On the other hand, Generalife is any Disney princesses’ dream. Located on a hill overlooking the city, surrounded by nature and fragrant flowers, this building has long fountains and arching water fountains. There are many balconies/outlook points to take pictures and just take in the view. The main focus of the building would definitely be the long fountains at the beginning and end of the walk.

It is a marvelous view, isn’t it?

The paths are very easily identifiable and well walked so you’ll never get lost. I would recommend getting there either early or enough time before closure to beat the crowds as well as the sun (especially in the summer). Also, golden hour works well with the landscape!

It was quite chilly in November but not unbearable. I’d say around 40-50F/4-10C when I was there. Remember to bring suitable shoes for the day because there’s lots of walking! The palace is also handicap accessible and very accommodating. If your a cat lover, be on the lookout for some of the furry residents who wander around! I spotted maybe around 3-4 cats within the first few hours I was there.

For the complete address: Calle Real de la Alhambra, s/n, 18009 Granada, Spain

entering through the Justice Gate: Calle Real de la Alhambra, 18, 18009 Granada, Spain

Hope this post was helpful or a good reminiscing for others especially with what’s going on now. If you’ve been or are planning to go, comment below! I’d love to hear details!

White Castles in the Sky

No, not Laputa, sadly. Instead, we will go high into the mountains of the Sierra Nevada to see the white villages of La Alpujarra. This section of Andalusia is still a hidden gem and you’ll find that this is a destination you won’t want to share with others. The drive up gives you Spanish “Sound of Music” feels and there are handfuls of lookout points along the way.

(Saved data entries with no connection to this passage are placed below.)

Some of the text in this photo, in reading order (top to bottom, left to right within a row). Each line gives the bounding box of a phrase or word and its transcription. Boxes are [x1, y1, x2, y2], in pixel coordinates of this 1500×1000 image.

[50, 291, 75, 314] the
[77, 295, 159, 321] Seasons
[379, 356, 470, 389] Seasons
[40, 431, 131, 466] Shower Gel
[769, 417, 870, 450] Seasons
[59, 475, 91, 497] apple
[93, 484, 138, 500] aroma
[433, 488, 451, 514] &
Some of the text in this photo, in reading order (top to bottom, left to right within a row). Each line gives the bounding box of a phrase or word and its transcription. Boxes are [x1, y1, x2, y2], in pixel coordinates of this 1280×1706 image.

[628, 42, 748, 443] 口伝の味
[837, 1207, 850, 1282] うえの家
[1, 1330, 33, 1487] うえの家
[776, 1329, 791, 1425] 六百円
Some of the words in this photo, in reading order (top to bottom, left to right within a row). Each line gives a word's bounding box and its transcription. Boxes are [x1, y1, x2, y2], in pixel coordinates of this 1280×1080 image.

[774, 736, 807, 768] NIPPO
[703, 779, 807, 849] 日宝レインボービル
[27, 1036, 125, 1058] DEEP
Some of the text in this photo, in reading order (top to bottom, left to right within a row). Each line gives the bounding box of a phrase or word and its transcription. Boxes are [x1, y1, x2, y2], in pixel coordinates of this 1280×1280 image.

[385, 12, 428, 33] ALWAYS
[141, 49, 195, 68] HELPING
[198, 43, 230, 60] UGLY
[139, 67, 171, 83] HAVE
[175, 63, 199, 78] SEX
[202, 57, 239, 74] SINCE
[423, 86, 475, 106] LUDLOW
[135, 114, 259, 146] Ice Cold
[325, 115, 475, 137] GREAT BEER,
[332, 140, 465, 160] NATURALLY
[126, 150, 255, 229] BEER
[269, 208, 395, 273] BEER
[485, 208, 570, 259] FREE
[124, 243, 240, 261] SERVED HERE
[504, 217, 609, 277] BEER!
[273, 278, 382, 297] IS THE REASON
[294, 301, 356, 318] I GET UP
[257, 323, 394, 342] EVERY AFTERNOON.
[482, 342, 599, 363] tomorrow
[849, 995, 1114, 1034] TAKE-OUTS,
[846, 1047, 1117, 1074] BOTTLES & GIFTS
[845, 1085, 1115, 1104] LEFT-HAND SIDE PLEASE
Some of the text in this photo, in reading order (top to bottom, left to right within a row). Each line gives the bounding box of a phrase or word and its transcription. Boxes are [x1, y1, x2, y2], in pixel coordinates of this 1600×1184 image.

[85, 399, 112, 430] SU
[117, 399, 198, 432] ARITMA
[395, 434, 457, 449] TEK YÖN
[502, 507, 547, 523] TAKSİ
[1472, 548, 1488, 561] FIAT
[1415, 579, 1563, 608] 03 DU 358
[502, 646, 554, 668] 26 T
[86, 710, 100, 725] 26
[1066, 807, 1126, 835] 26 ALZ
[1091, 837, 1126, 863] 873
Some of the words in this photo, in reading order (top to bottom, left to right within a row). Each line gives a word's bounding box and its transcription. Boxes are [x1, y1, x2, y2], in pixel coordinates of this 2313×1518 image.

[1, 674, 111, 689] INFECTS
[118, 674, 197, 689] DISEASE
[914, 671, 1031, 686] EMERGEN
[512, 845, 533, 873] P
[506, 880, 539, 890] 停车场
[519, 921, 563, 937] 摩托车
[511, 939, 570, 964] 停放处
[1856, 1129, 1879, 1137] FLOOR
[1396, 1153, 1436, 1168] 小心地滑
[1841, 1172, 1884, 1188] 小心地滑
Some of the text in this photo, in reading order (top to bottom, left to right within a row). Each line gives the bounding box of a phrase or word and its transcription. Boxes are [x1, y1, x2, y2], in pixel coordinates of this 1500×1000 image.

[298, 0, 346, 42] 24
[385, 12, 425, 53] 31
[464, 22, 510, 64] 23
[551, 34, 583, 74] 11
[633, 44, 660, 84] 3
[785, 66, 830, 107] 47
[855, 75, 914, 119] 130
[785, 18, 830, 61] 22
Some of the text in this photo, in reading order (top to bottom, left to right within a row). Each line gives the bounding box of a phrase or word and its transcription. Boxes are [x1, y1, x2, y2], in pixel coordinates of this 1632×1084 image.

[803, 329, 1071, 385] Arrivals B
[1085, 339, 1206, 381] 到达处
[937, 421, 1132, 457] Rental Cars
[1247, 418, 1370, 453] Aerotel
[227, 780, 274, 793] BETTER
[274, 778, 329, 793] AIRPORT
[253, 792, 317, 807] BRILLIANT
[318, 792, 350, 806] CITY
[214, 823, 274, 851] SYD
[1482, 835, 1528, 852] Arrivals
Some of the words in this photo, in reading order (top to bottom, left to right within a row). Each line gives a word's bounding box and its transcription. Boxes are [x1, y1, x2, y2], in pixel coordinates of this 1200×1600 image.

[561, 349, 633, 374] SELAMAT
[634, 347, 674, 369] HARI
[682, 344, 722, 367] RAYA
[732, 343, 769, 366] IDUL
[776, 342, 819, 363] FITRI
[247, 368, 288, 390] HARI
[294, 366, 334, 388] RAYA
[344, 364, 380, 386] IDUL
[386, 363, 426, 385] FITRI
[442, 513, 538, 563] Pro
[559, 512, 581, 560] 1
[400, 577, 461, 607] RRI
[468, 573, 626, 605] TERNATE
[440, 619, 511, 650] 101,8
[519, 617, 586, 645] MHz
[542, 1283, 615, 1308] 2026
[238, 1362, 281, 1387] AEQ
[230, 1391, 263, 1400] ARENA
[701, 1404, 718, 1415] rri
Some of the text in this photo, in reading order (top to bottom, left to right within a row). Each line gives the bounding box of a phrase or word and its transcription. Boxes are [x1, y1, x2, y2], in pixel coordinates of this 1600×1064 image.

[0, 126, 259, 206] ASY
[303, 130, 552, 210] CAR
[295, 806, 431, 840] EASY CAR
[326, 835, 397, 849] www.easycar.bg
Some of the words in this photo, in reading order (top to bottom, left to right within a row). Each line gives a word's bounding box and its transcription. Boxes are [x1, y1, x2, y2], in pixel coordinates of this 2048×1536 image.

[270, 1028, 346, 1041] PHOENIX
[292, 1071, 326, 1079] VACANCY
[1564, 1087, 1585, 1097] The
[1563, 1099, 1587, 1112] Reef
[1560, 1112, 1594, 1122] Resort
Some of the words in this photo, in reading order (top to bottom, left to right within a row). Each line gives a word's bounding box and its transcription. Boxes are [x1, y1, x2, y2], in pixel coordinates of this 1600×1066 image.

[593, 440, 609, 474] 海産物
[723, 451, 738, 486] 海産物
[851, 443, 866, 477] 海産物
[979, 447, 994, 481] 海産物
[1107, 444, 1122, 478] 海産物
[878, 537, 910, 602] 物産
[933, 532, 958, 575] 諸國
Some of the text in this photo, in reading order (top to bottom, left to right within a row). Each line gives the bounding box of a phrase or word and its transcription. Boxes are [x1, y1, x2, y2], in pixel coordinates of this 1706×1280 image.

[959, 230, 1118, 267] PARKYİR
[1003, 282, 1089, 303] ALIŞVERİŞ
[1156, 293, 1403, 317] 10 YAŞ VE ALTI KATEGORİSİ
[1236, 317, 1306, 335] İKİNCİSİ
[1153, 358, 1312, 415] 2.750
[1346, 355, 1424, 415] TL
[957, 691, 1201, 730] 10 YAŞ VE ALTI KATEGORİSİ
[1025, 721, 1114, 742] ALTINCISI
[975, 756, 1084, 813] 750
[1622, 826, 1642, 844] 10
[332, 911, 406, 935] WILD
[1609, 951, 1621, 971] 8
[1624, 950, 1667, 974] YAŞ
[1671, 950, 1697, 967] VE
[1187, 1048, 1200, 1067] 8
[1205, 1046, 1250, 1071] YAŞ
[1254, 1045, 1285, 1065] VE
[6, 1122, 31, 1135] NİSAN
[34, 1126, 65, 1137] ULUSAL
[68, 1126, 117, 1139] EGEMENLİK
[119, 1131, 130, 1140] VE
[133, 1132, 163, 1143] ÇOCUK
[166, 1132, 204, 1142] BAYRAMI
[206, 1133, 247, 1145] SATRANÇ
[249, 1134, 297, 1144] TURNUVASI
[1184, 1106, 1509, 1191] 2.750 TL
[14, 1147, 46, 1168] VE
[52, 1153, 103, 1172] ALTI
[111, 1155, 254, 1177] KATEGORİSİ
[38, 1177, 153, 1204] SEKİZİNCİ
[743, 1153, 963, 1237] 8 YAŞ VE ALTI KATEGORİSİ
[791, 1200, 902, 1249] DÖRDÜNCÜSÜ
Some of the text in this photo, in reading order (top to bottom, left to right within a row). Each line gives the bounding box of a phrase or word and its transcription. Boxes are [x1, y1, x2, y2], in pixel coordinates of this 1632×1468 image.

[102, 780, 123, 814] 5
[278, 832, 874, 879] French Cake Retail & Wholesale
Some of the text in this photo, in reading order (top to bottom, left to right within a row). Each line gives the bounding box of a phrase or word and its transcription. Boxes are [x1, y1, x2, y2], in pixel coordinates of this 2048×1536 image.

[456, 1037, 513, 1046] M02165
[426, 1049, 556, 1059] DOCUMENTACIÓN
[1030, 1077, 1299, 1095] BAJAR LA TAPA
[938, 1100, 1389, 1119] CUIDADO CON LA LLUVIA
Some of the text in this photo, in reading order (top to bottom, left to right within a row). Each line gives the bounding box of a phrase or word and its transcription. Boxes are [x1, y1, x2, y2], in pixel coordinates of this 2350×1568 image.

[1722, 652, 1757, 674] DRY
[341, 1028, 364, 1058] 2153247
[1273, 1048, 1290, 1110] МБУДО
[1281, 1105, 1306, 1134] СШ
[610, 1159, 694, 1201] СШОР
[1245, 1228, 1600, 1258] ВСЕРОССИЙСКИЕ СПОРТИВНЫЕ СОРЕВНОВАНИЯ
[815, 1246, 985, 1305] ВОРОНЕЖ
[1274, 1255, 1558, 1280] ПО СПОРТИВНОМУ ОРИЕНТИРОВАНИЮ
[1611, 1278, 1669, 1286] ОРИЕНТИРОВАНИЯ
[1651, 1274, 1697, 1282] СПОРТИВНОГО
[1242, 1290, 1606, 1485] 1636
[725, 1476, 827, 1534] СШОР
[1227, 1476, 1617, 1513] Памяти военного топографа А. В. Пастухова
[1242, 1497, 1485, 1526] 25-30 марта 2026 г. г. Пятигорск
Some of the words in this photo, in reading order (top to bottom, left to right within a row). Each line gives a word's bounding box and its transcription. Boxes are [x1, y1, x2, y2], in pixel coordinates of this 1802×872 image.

Lanjarón: One of the lower villages before heading up to Pampaneira

Pampaneira was our first official stop, one we knew was the main tourist site. Most tour buses stop here because the town is a lot bigger than the others and most aesthetically pleasing. There were many cafes and restaurants, as well as the famous chocolate shop, Abuela ili. Expect to run into multiple cats sunbathing on the corner of buildings or quietly observing humans!

The streams in the middle of walkways are one of the most photographed items in the village. They do make for a great photo op! It creates the feeling of the perfect quaint village and the water has been said to have healing properties. There are many local vendors, ranging from homemade jams and marmalade to throws and rugs.

Our next stop was the second highest village. This was the one that most people don’t really stop at but the quiet and stillness of this village gave you the sensation of actually being able to settle down there. (If my memory is correct, this is village Pitres.)

The church is a great pit stop for a break before venturing on!
The white houses are an alluring contrast to the dark mountains in the distance.

One last jump to the last village, Trevélez. Probably one of the more exciting villages in my opinion because if there is a landing strip for Laputa, it may as well be here. It was supposed to snow and lots of clouds were rolling in so it felt like we were in a cloud heaven. I don’t think I’ve been so close to actually touching a cloud.

I would definitely recommend this tour to get out of the city and see other faces of Spain. The whole tour spanned maybe 8 hours, including pick up and drop off. (I’ll add details below!) It wasn’t tiring at all and there was time for our own wandering in all of the villages. The tour included a lunch option which was nice because when could you ever have Iberian ham at the top of a snowing mountain?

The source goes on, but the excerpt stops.